### TASK DESCRIPTION
Images are to be dropped, and the rest of the data reproduced exactly.

### DATA FOR THIS TASK
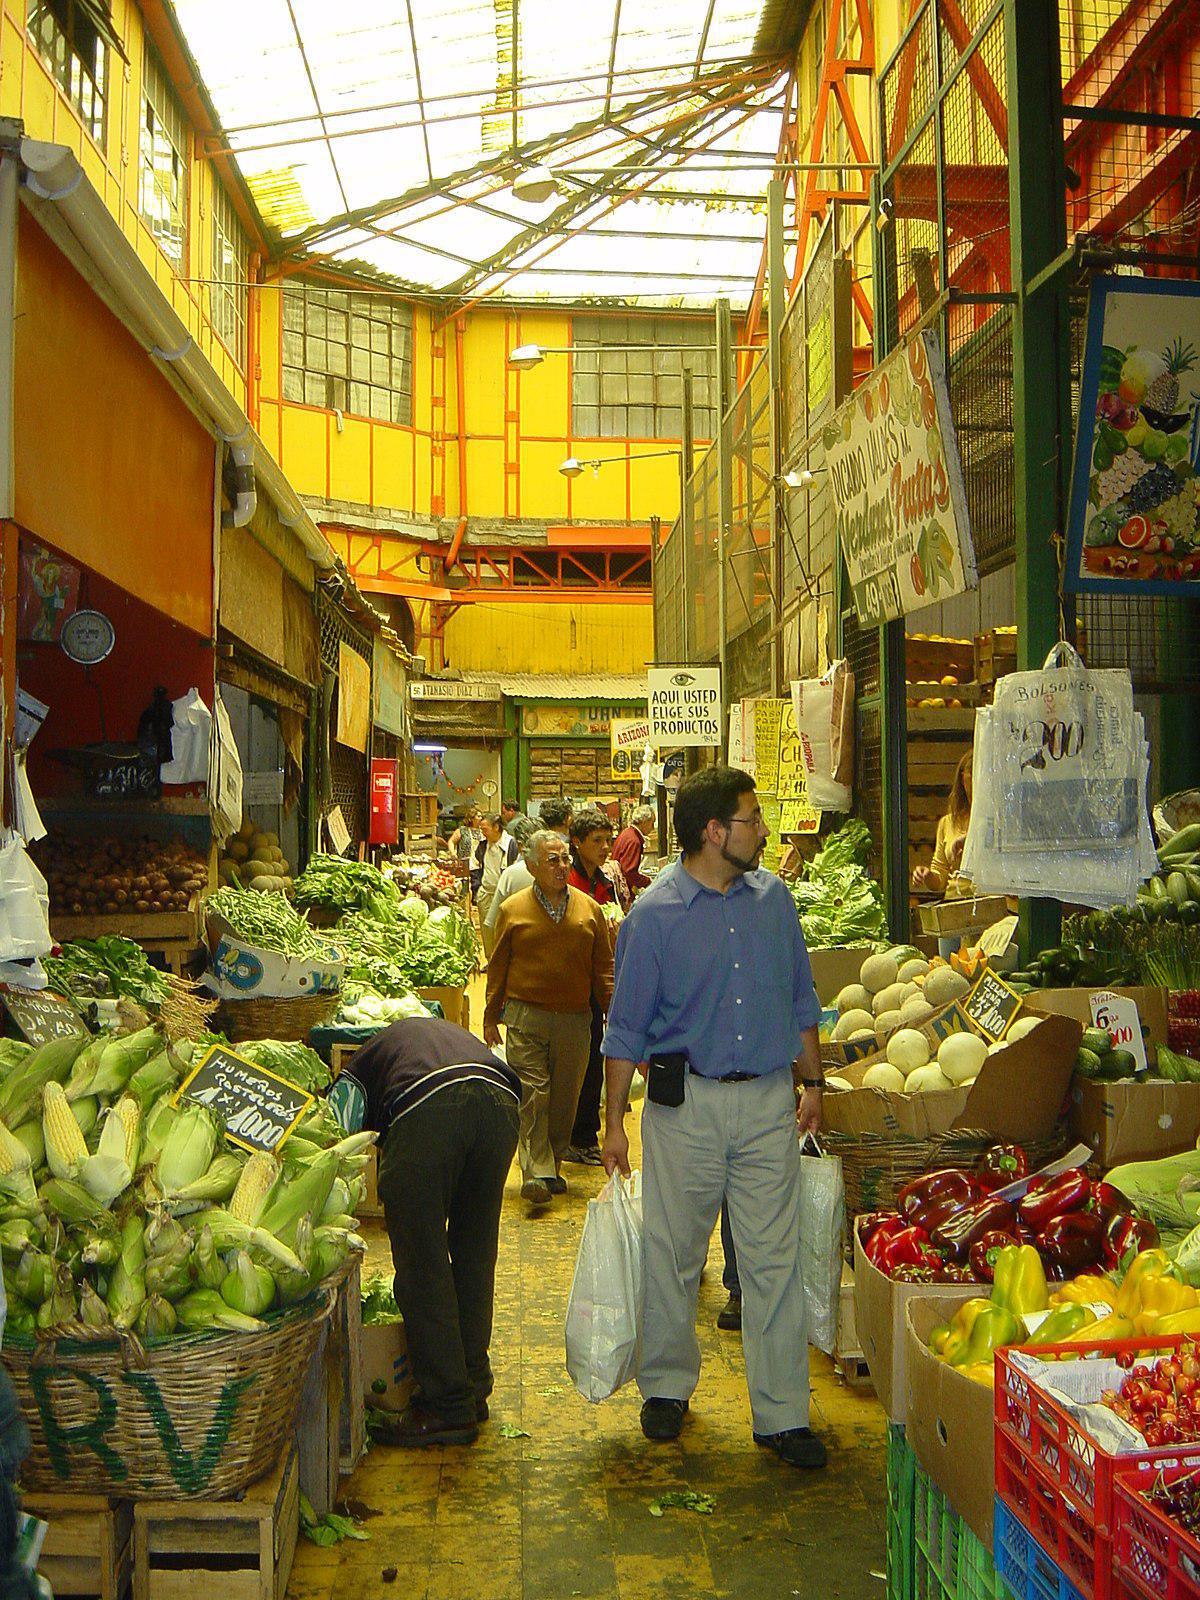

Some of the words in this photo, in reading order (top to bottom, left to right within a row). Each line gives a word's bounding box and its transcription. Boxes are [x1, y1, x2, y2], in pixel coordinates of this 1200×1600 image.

[652, 690, 679, 704] AQUI
[684, 690, 717, 704] USTED
[653, 706, 683, 719] ELIGE
[688, 706, 709, 718] SUS
[654, 720, 718, 735] PRODUCTOS
[1096, 1006, 1110, 1029] 6
[226, 1104, 285, 1150] 1000

### TASK ANSWER
Some of the words in this photo, in reading order (top to bottom, left to right within a row). Each line gives a word's bounding box and its transcription. Boxes are [x1, y1, x2, y2], in pixel coordinates of this 1200×1600 image.

[652, 690, 679, 704] AQUI
[684, 690, 717, 704] USTED
[653, 706, 683, 719] ELIGE
[688, 706, 709, 718] SUS
[654, 720, 718, 735] PRODUCTOS
[1096, 1006, 1110, 1029] 6
[226, 1104, 285, 1150] 1000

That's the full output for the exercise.